Organic . 100% Levain . Hand-shaped . Long-fermented
Freshly stoned-milled organic flour
Gray French sea salt
Long fermentation & panification + 100% levain = lower gluten content
Our handcrafted breads are made in small batches with a long fermentation of over 16 hours. Letting nature and chemistry do their magic, this process allows the development of rich deep flavors and aromas in addition to lowering the gluten content, making these breads more digestible and gut friendly.
The most elemental of foods, choosing the right ingredients is key to a world of taste and texture in breads. At Goguette, we respect the ancient art of bread making by using a 100% levain in all of our breads, challah & brioche! Freshly stone-milled organic flours, gray sea salt rich in flavors and minerals, water with the perfect balance of temperature and purity (free of chlorine and unwanted minerals) crafts breads and brioches that have an amazing "longueur en bouche".
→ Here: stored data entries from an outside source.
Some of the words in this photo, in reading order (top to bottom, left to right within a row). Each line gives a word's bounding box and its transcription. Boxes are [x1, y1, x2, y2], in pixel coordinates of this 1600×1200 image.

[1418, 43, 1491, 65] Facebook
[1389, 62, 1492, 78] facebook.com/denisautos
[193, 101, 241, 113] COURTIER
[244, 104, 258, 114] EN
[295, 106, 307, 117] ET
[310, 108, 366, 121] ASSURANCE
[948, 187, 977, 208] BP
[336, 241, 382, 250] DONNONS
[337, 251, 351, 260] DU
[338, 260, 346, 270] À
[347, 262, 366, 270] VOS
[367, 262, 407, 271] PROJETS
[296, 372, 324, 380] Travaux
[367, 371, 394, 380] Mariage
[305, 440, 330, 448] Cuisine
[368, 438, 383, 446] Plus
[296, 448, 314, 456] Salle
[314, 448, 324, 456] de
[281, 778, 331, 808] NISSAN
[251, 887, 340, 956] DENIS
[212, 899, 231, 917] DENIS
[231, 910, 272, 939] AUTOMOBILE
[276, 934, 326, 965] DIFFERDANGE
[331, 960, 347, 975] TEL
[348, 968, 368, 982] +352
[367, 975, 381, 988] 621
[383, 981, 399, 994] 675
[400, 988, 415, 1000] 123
In addition, the long fermentation process also allows the natural acids present in levain to work in harmony with the ingredients, creating especially unique breads, enhancing the taste of the food/wine they accompany as well as their long preservation quality.
Flavors & Aromas
‘Live’ bread is a product of terroir; one that responds to nature. The wheat/flour changes season-to-season, crop-to-crop and batch-to-batch. We do not use preservative agents, sugars, coloring or flavor enhancers to create breads that have the same look and taste day-to-day.
Since 70% of the aromas of the dough are in the crust, we like to bake our breads to what we consider a “perfect crust” so as to enhance the taste and aromas.
The Ancient Starter
Levain, a natural starter & living organism, has been used by bakers since centuries all over the world. Touted to have multiple benefits, levain-based breads also enjoy a highly sought after unique visual, olfactory, gustatory and touch properties. Our levain is over 20 years old, having traveled from the French Alps to the U.S. over a decade ago, taking the aromas and the properties unique to the Sonoma County wine country.
Levain helps breakdown gluten...The presence and power of lactobacilli in levain-based breads helps destroy gliadin (a protein breakdown of gluten), making breads made with levain more “digestible” and less “upsetting” to the gastrointestinal tract. In addition, the lactic acid present in levain, removes phytic acid. Phytic acid reduces the ability of the gastrointestinal tract to absorb certain minerals such as calcium, magnesium, zinc and iron, rendering them insoluble thus making levain-based breads a healthier option. In addition, levain-based breads have shown to lower the glycemic index. Lower glycemic foods tend to slow the release of sugar in the bloodstream, ideal for those watching their weight, blood sugars and overall health.